Один случай тоже хочу привести в пример. Однажды Вологодской срочно затребовалось попасть в город, чтобы получить какие-то важные документы, а Василий уже неделю был в командировке. Пришлось нам с тетей Машей ехать в центр на такси, я сама предложила сопровождать ее после занятий, хотела еще забежать на рынок, посмотреть ботинки на зиму, прежние совсем потеряли вид и даже не грели.
Возле центральной площади с обледеневшим фонтаном мы разошлись, каждая по своим делам, но договорились встретиться на остановке в определенное время, чтобы вместе вернуться в Заречный район на «маршрутке». И тут-то случилось некоторое событие, заставившее меня проникнуться к Вологодской еще большим почтением.
Пока мы ожидали транспорт, ко мне пристала цыганка, также ожидающая «попутку» в родную Нахаловку. Худая, развязная женщина отделилась от кучки «товарок» и вкрадчиво завела разговор:
— Все про тебя вижу, красавица. А денежку дашь, так всю правду скажу. Вздыхает по тебе один парень, а подруги завидуют, отговаривают тебя от него. И ведь зря, упустишь свое счастье. Дай «бумажку», научу, как удачу привлечь. Да, не отворачивайся, красавица! Счастье ведь проворонишь, после не найдешь.
Я заглянула в черные насмешливые глаза и как завороженная начала открывать сумочку. Тетя Маша, стоявшая рядом, уверенно забрала мой кошелек себе.
— Хватит врать-то уже!
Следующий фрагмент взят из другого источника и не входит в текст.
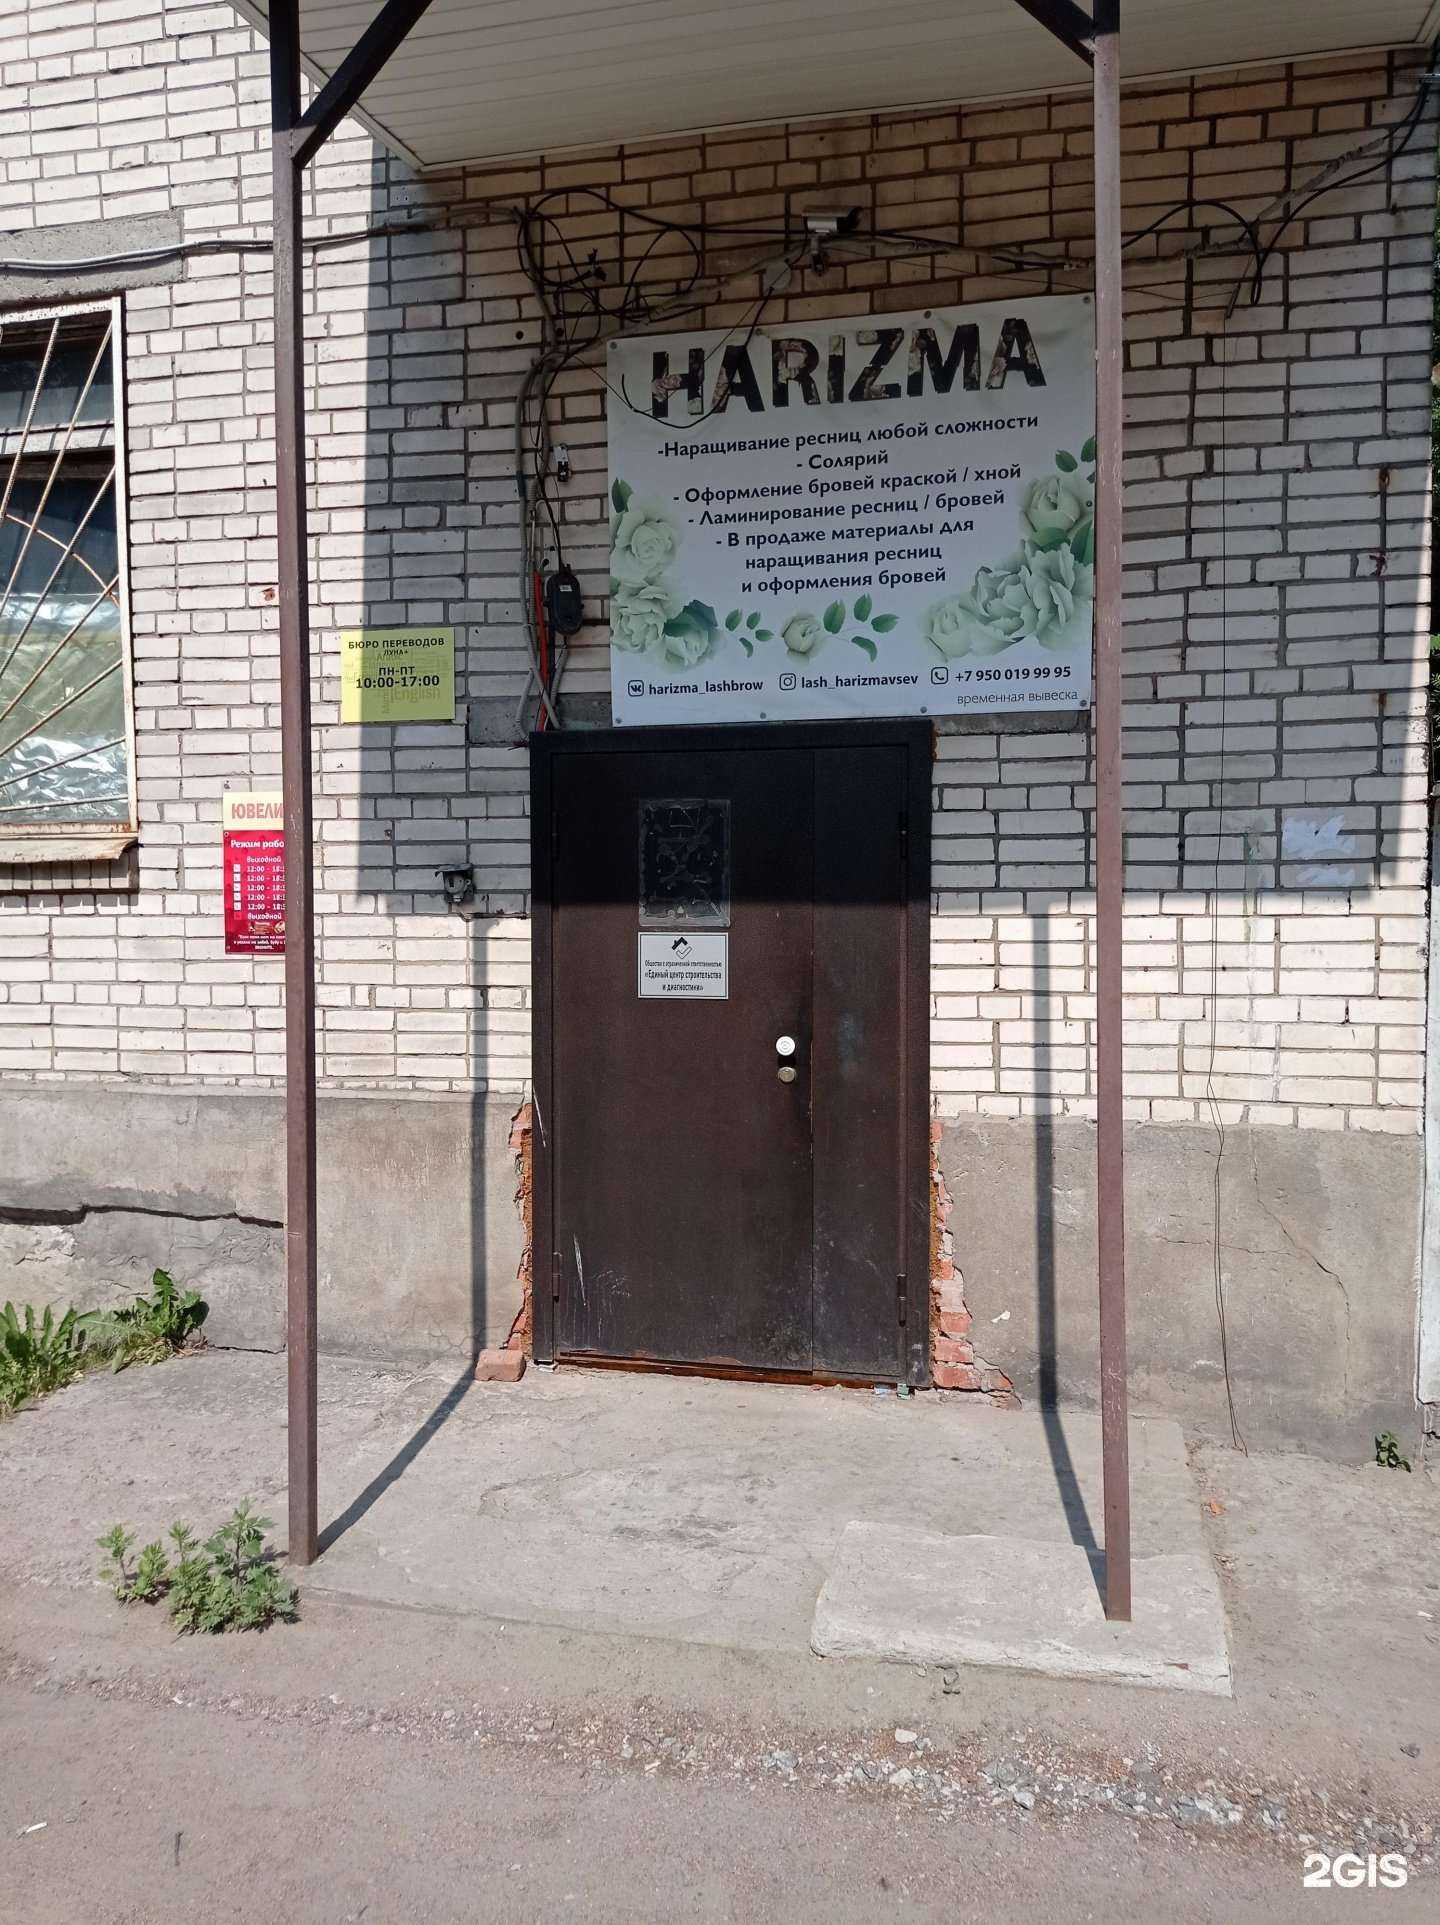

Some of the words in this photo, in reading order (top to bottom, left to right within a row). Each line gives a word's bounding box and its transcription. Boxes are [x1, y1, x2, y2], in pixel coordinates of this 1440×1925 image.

[651, 318, 1047, 418] HARIZMA
[795, 430, 862, 451] ресниц
[867, 422, 928, 441] любой
[935, 415, 1039, 435] сложности
[808, 450, 888, 470] Солярий
[685, 484, 803, 505] Оформление
[808, 475, 874, 497] бровей
[880, 469, 957, 492] краской
[974, 463, 1021, 481] хной
[699, 504, 846, 525] Ламинирование
[851, 499, 918, 519] ресниц
[935, 490, 1005, 512] бровей
[728, 532, 739, 547] В
[745, 530, 826, 549] продаже
[831, 523, 934, 541] материалы
[939, 520, 974, 535] для
[745, 550, 869, 572] наращивания
[874, 547, 942, 565] ресниц
[742, 581, 752, 593] и
[757, 572, 873, 595] оформления
[878, 567, 947, 588] бровей
[348, 641, 379, 649] БЮРО
[382, 637, 445, 648] ПЕРЕВОДОВ
[379, 666, 415, 676] ПН-ПТ
[955, 671, 973, 683] +7
[975, 669, 1001, 681] 950
[1004, 668, 1030, 680] 019
[1033, 667, 1051, 679] 99
[1054, 666, 1071, 678] 95
[356, 675, 440, 689] 10:00-17:00
[649, 679, 764, 696] harizma_lashbrow
[801, 674, 918, 690] lash_harizmavsev
[957, 693, 1025, 707] временная
[1028, 690, 1078, 702] вывеска
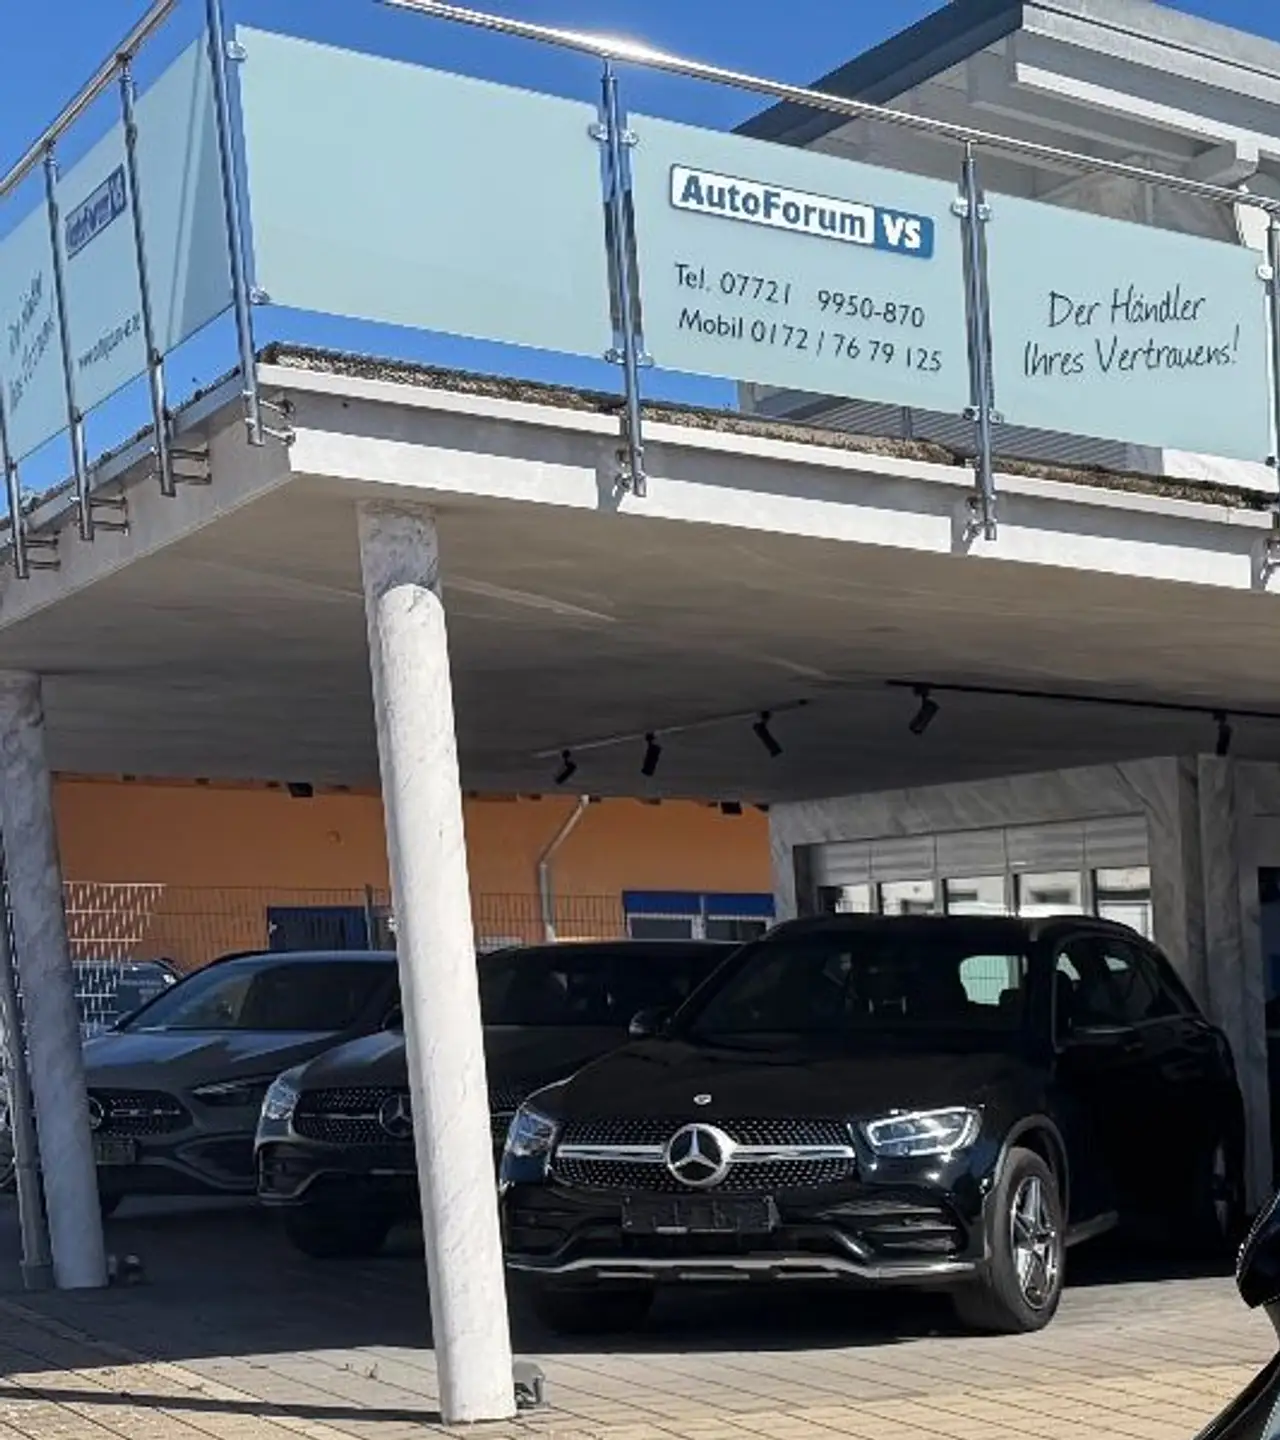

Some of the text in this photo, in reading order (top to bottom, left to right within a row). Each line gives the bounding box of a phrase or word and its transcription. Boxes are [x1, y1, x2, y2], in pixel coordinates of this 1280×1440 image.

Отстаньте от девушки.
Цыганка злобно что-то пробормотала, сплюнула в снег и снова обратилась ко мне:
— Дай хоть сто рублей детям на молочко, а тебя скоро ждет большое богатство, едет к тебе дорогой гость, так спешит, что вторую лошадь загнал.
Мария встала между нами и недобро смерила приставучую женщину взглядом:
— Говорю же тебе — отстань!
Цыганка подбоченилась, гордо выпятив грудь. Так я и не разобрала ее возраст, точно не молодая, но и старухой не назовешь. Но с Вологодской она разговаривала крайне дерзко:
— А ты чего лезешь, бабушка? Ты ей никто, я же вижу, так и стой спокойно, не мешай девушке про судьбу свою слушать. Я ей помочь хочу. Они тихая, смирная, такую легко затопчут. Каждый обидеть норовит. Свое проморгает, чужое придется грызть, а покажется ли чужое сладким?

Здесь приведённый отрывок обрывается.